Items from a dataset
----

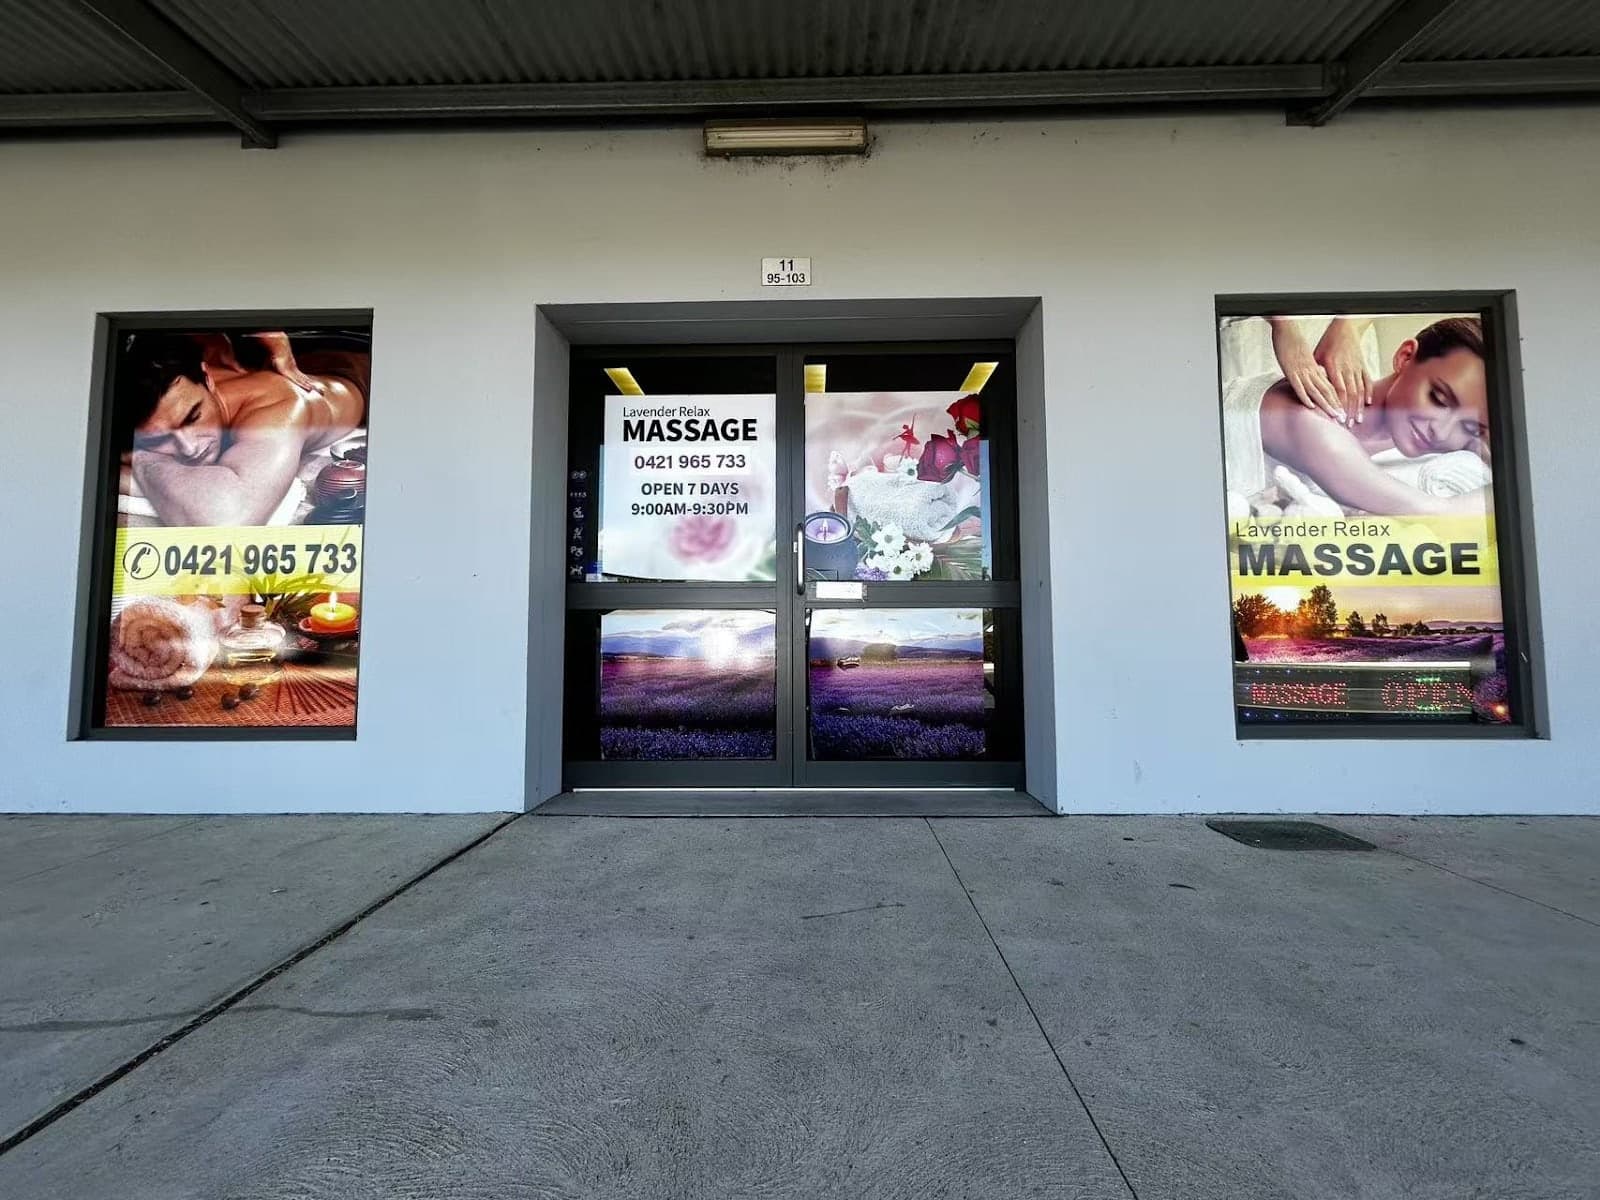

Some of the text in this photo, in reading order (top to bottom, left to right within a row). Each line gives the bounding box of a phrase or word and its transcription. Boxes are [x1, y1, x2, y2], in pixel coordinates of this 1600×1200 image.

[779, 259, 793, 271] 11
[767, 273, 805, 283] 95-103
[623, 406, 710, 417] Lavender Relax
[623, 418, 757, 442] MASSAGE
[634, 454, 746, 469] 0421 965 733
[641, 482, 739, 495] OPEN 7 DAYS
[631, 502, 749, 515] 9:00AM-9:30PM
[1236, 521, 1391, 537] Lavender Relax
[164, 543, 357, 575] 0421 965 733
[1238, 543, 1480, 576] MASSAGE
[1250, 683, 1346, 705] MASSAGE
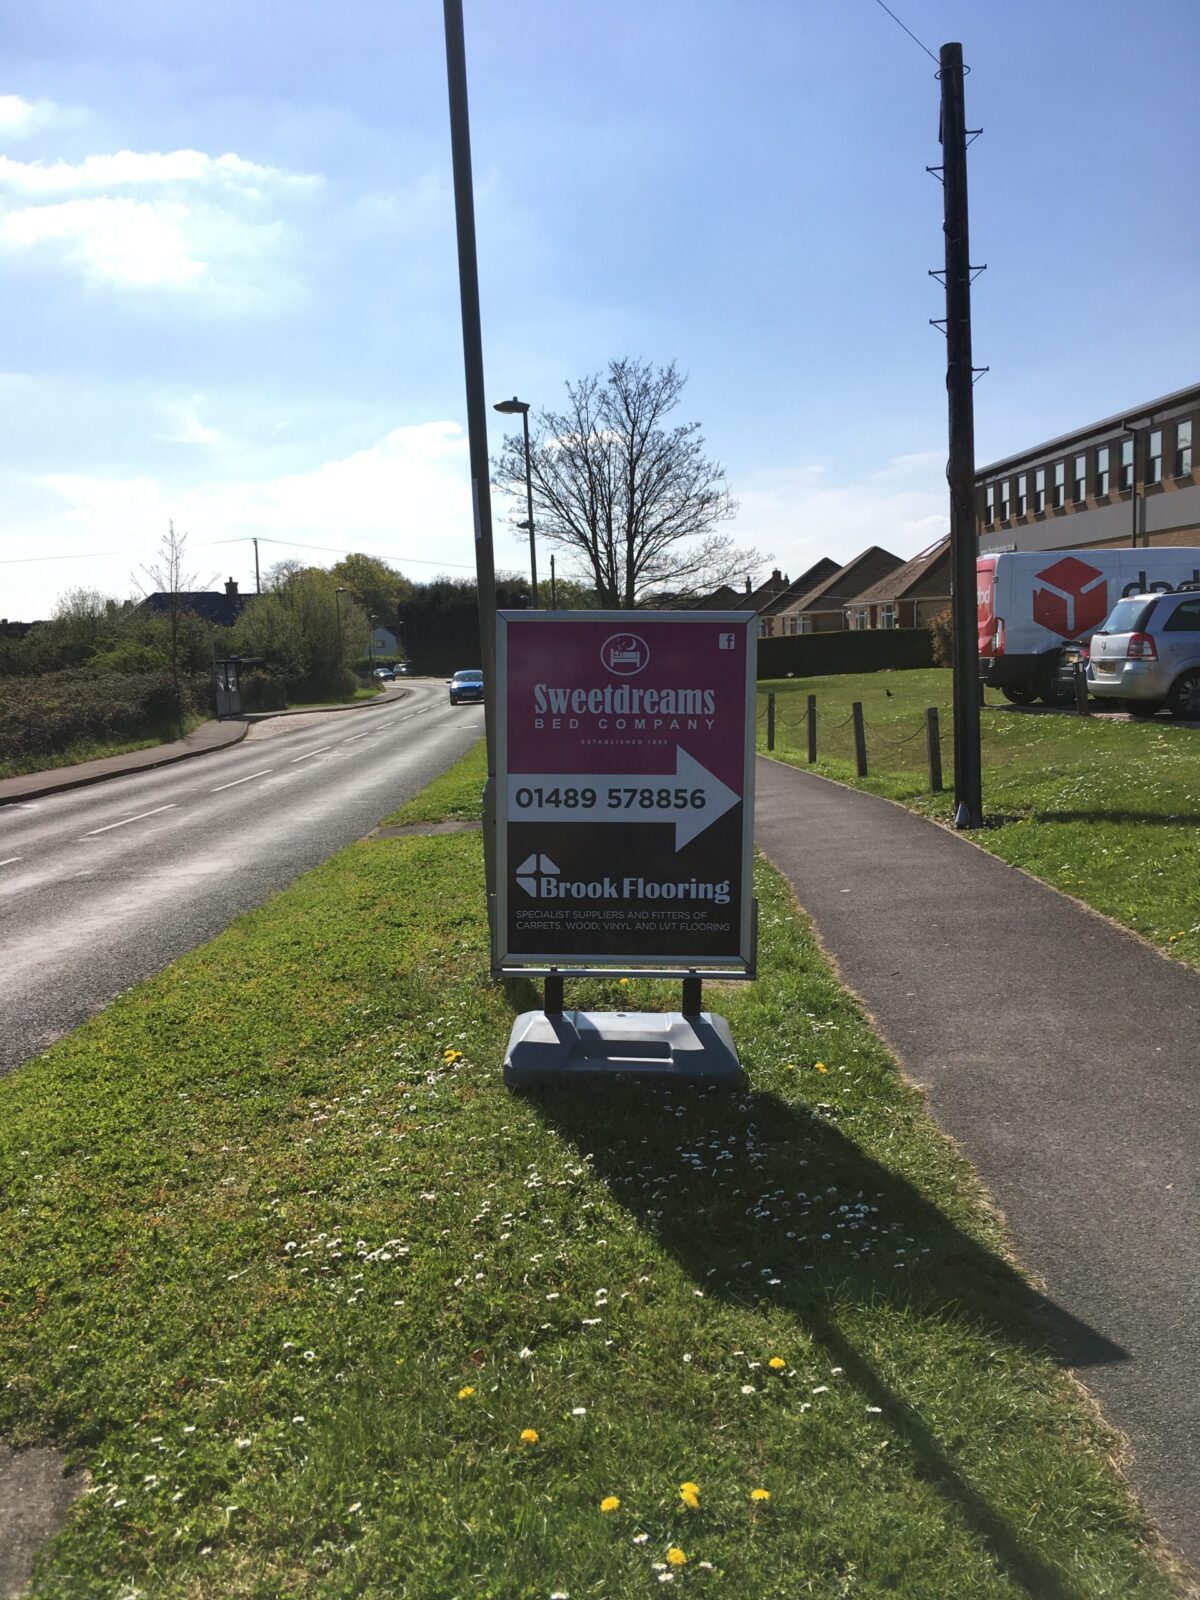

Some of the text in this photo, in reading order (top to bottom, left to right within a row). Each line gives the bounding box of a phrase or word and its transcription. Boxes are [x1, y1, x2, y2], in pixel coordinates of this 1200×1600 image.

[534, 683, 716, 715] Sweetdreams
[534, 718, 716, 730] BED COMPANY
[515, 787, 707, 810] 01489 578856
[540, 877, 731, 904] Brook Flooring
[516, 910, 708, 920] SPECIALIST SUPPLIERS AND FITTERS OF
[516, 921, 731, 932] CARPETS, WOOD, VINYL AND LVT FLOORING
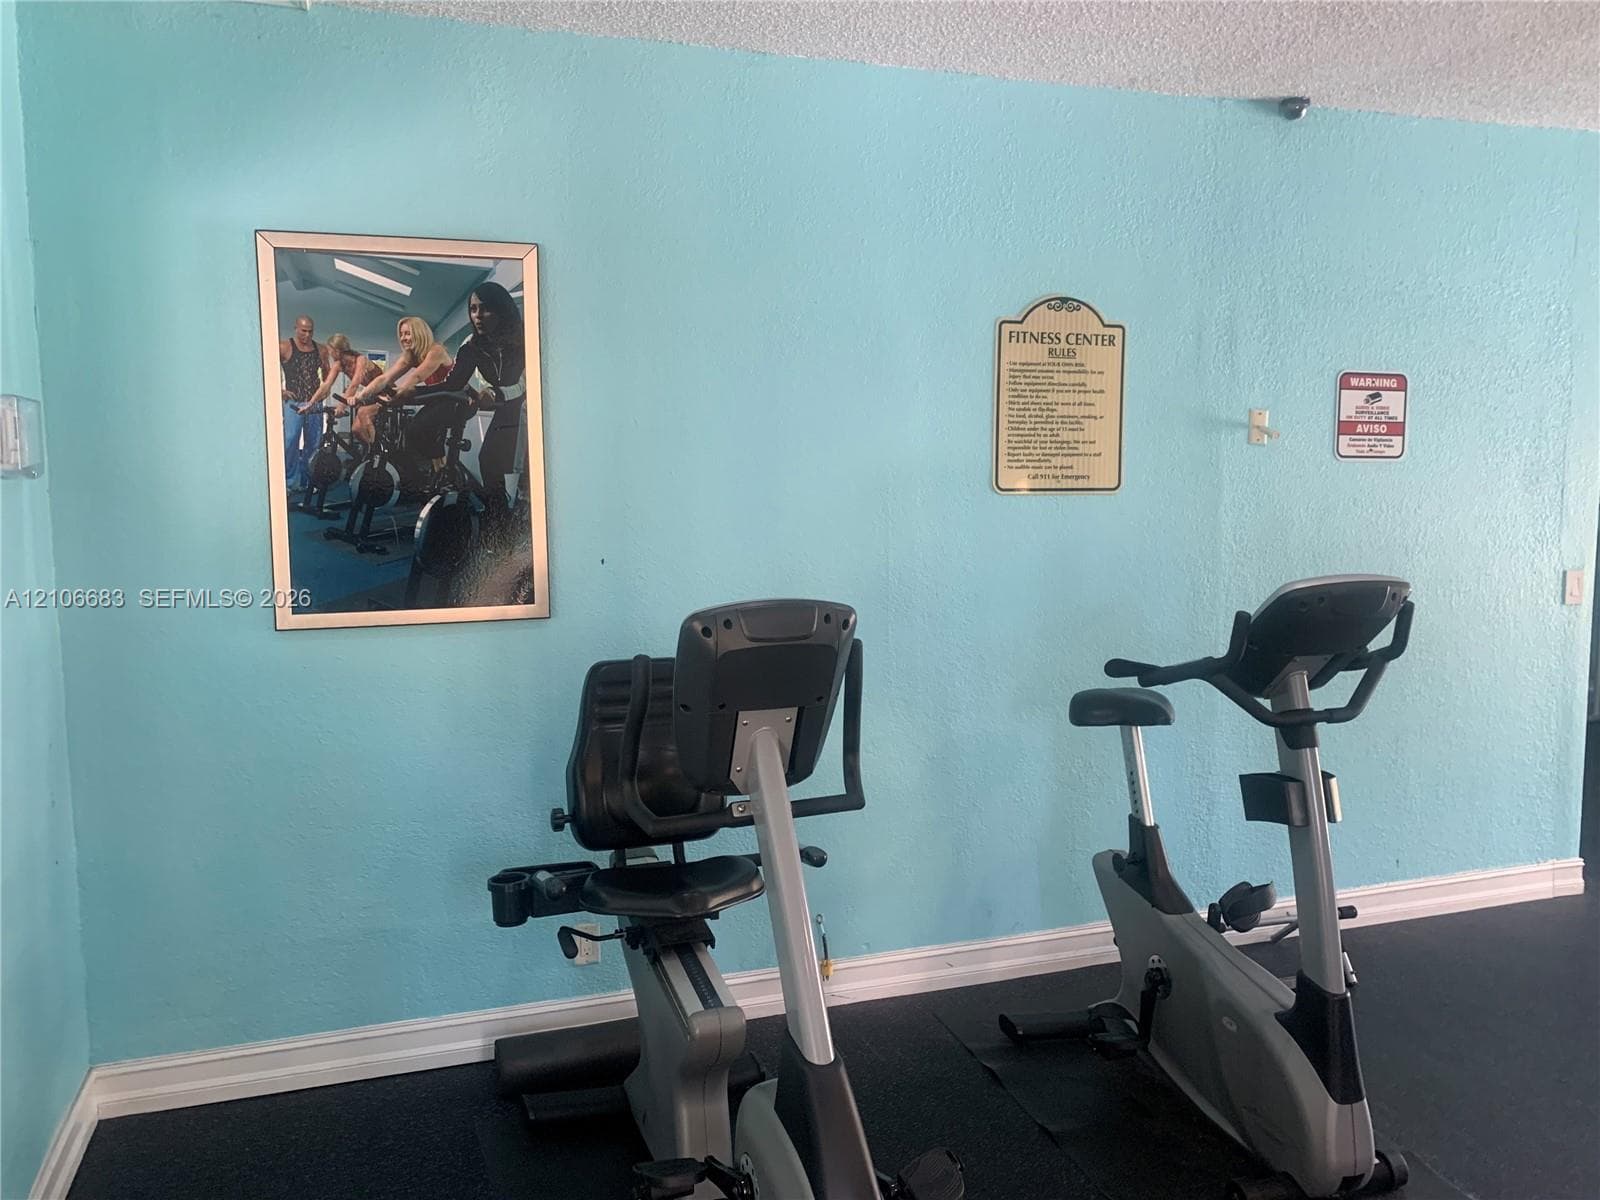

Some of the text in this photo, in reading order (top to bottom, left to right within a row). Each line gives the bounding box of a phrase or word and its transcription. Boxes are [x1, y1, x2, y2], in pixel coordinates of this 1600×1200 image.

[1008, 330, 1116, 346] FITNESS CENTER
[1048, 347, 1077, 358] RULES
[1350, 376, 1398, 388] WARNING
[1356, 424, 1388, 433] AVISO
[1061, 474, 1090, 482] Emergency

----

▶ **ASSIGNMENT**:
What you return must match the entries above exactly, apart from the pictures, which are left out.

▶ **WRITTEN RESPONSE**:
Some of the text in this photo, in reading order (top to bottom, left to right within a row). Each line gives the bounding box of a phrase or word and its transcription. Boxes are [x1, y1, x2, y2], in pixel coordinates of this 1600×1200 image.

[779, 259, 793, 271] 11
[767, 273, 805, 283] 95-103
[623, 406, 710, 417] Lavender Relax
[623, 418, 757, 442] MASSAGE
[634, 454, 746, 469] 0421 965 733
[641, 482, 739, 495] OPEN 7 DAYS
[631, 502, 749, 515] 9:00AM-9:30PM
[1236, 521, 1391, 537] Lavender Relax
[164, 543, 357, 575] 0421 965 733
[1238, 543, 1480, 576] MASSAGE
[1250, 683, 1346, 705] MASSAGE

Some of the text in this photo, in reading order (top to bottom, left to right within a row). Each line gives the bounding box of a phrase or word and its transcription. Boxes are [x1, y1, x2, y2], in pixel coordinates of this 1200×1600 image.

[534, 683, 716, 715] Sweetdreams
[534, 718, 716, 730] BED COMPANY
[515, 787, 707, 810] 01489 578856
[540, 877, 731, 904] Brook Flooring
[516, 910, 708, 920] SPECIALIST SUPPLIERS AND FITTERS OF
[516, 921, 731, 932] CARPETS, WOOD, VINYL AND LVT FLOORING

Some of the text in this photo, in reading order (top to bottom, left to right within a row). Each line gives the bounding box of a phrase or word and its transcription. Boxes are [x1, y1, x2, y2], in pixel coordinates of this 1600×1200 image.

[1008, 330, 1116, 346] FITNESS CENTER
[1048, 347, 1077, 358] RULES
[1350, 376, 1398, 388] WARNING
[1356, 424, 1388, 433] AVISO
[1061, 474, 1090, 482] Emergency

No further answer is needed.